### Directions
With the images left out, print all of the records below exactly.

### Image-backed grounding data
**********

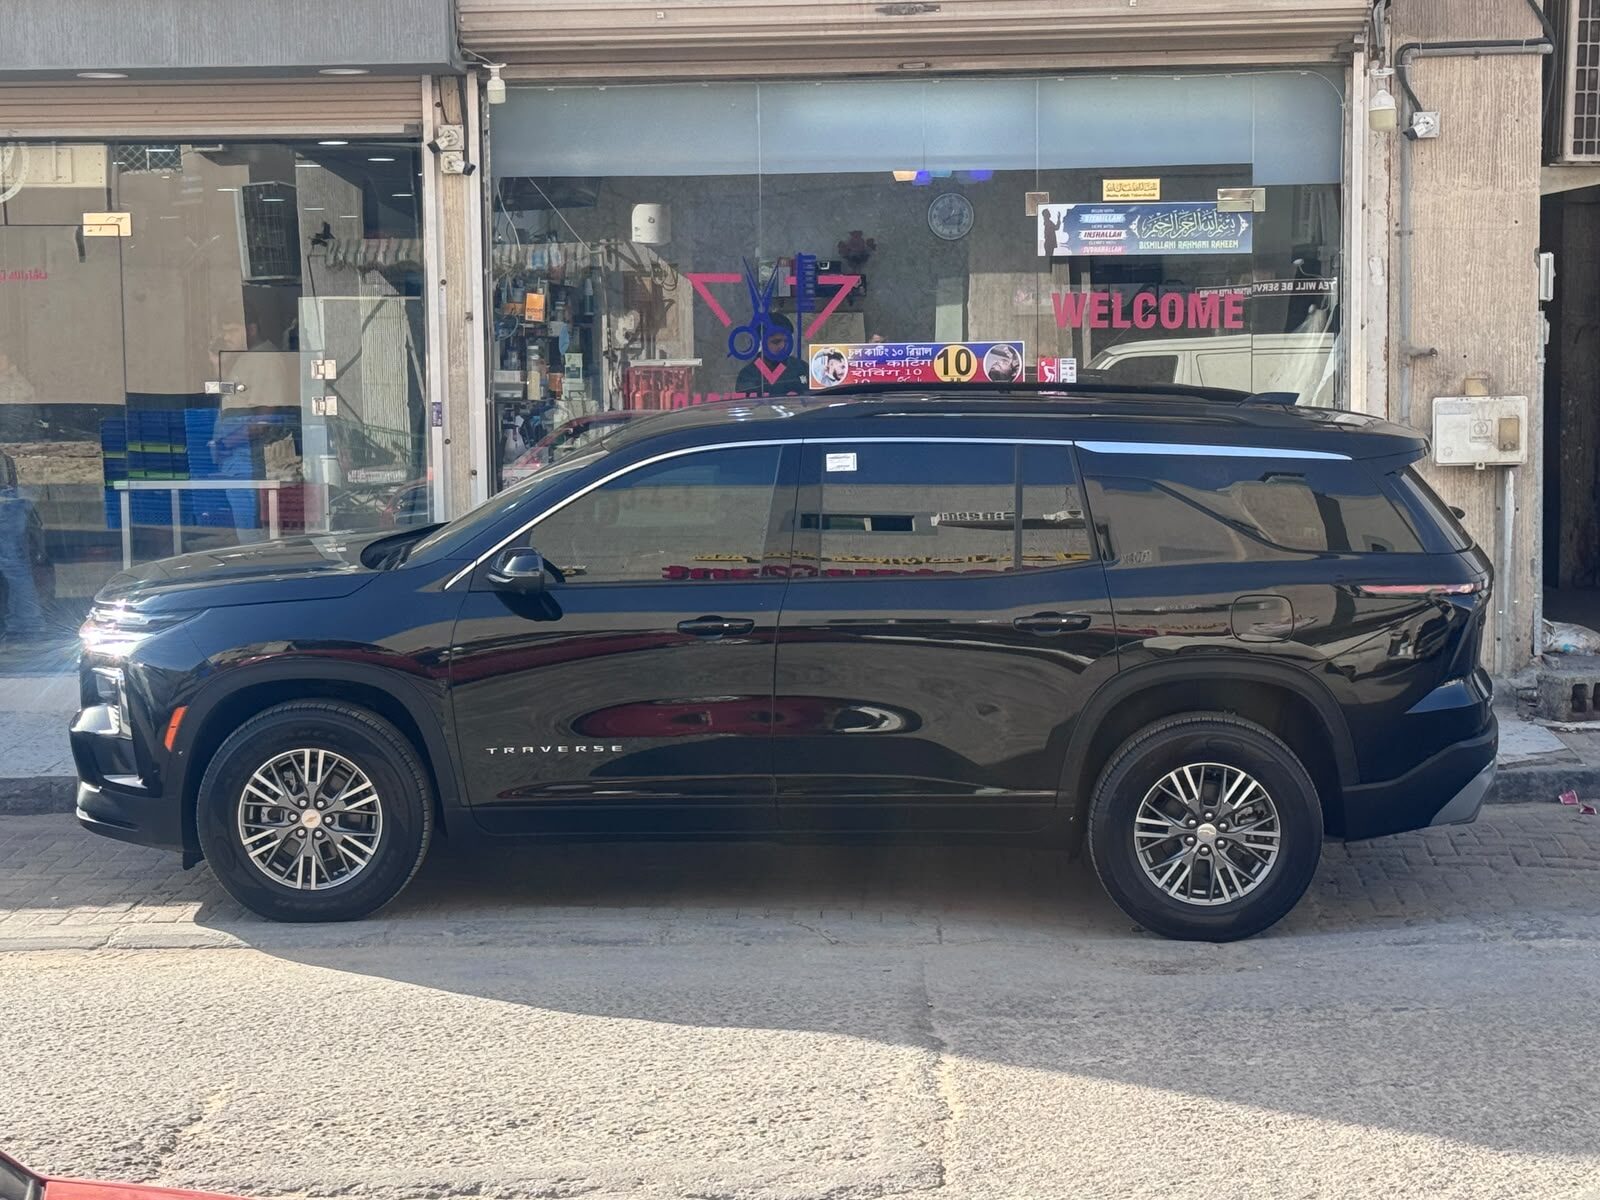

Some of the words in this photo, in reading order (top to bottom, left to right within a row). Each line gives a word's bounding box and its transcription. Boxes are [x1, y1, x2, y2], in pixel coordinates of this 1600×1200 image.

[1083, 231, 1123, 239] INSHALLAH
[1178, 240, 1209, 249] RAHMANI
[1211, 239, 1239, 249] RAHEEM
[1051, 291, 1244, 329] WELCOME
[864, 345, 889, 357] কাটিং
[892, 348, 904, 357] ১০
[937, 348, 972, 376] 10
[905, 368, 922, 376] 10
[485, 745, 623, 754] TRAVERSE

**********

### Task solution
Some of the words in this photo, in reading order (top to bottom, left to right within a row). Each line gives a word's bounding box and its transcription. Boxes are [x1, y1, x2, y2], in pixel coordinates of this 1600×1200 image.

[1083, 231, 1123, 239] INSHALLAH
[1178, 240, 1209, 249] RAHMANI
[1211, 239, 1239, 249] RAHEEM
[1051, 291, 1244, 329] WELCOME
[864, 345, 889, 357] কাটিং
[892, 348, 904, 357] ১০
[937, 348, 972, 376] 10
[905, 368, 922, 376] 10
[485, 745, 623, 754] TRAVERSE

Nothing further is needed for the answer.